In this article we will consider what exactly a lasting power of attorney is, the two different types, and what the recent change in guidance from the Office of the Public Guardian will mean for attorneys when managing investments under a financial lasting power of attorney.
What is a lasting power of attorney?
A lasting power of attorney is a document that allows you, as the ‘donor’, to appoint one or more individuals as your ‘attorney’. Your attorney will be able to assist you in making decisions, or potentially make decisions on your behalf. To be valid, a lasting power of attorney must be registered with the Office of the Public Guardian.
Why would I need a lasting power of attorney?
This is all about mental capacity. For example, if you were to have an accident, or experience an illness that results in your mental capacity being reduced or lost, a lasting power of attorney can be used. Having this document prepared in advance allows you to have more control over what would happen if you were to lose mental capacity.
Does the same document cover all decisions that my attorney might need to make?
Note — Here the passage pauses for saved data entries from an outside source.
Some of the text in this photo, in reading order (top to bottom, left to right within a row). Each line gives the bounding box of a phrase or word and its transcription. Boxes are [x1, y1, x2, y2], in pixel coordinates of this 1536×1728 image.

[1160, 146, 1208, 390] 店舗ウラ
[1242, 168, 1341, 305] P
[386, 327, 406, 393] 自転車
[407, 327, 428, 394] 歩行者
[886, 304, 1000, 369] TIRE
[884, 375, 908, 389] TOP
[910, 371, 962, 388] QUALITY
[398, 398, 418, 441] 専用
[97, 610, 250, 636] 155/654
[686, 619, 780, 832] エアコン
Not exactly. There are two types of lasting power of attorney: health and welfare, and financial.
A health and welfare lasting power of attorney allows the person that you have appointed to make decisions about things like medical treatment and other things that may affect your day-to-day life. This type of lasting power of attorney can only be used if you have lost mental capacity.
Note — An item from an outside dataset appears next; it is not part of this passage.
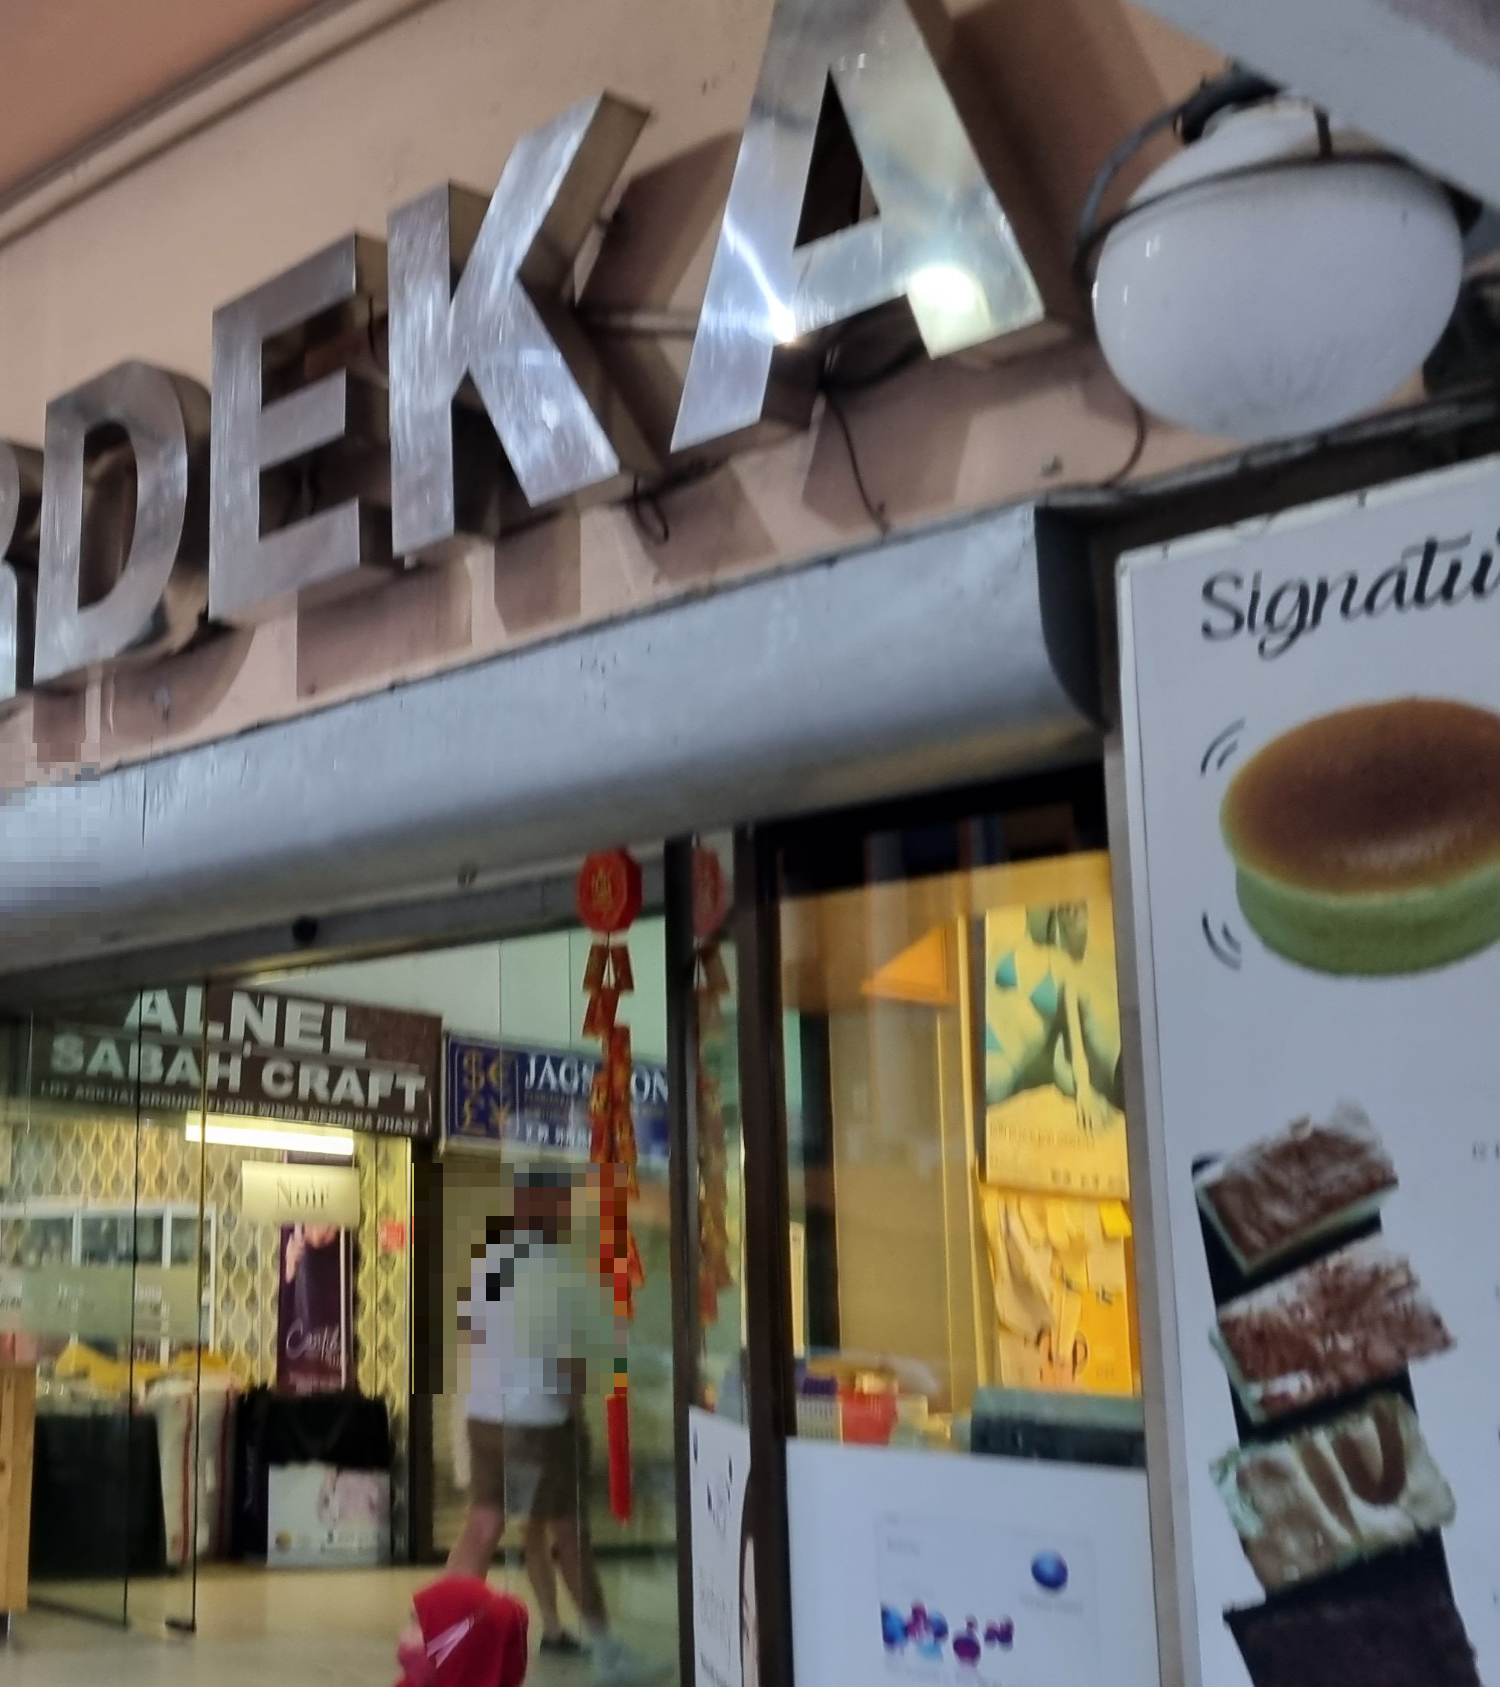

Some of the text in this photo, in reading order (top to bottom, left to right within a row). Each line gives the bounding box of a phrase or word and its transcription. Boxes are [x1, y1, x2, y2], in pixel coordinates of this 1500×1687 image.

[1200, 525, 1500, 661] Signatu
[50, 1032, 426, 1114] SABAH CRAFT
In contrast, a financial lasting power of attorney can be used immediately after registration and allows your attorney to manage things like paying bills or your bank accounts.
Since 2015, the Office of the Public Guardian had required an express provision to be included in a financial lasting power of attorney. This provision provided an attorney with the authority to invest via a discretionary management fund. What this meant was that if this express provision was not included, then an application would have to be made to the Court of Protection to attain the necessary authority.
However, because of discussions with practitioners, the Office of the Public Guardian has changed its guidance. As a result, an express provision will no longer be required for attorneys to invest through discretionary investment management.
However, it is not yet clear if banks will accept this, so it would be recommended that the clause is put into all new documents for certainty.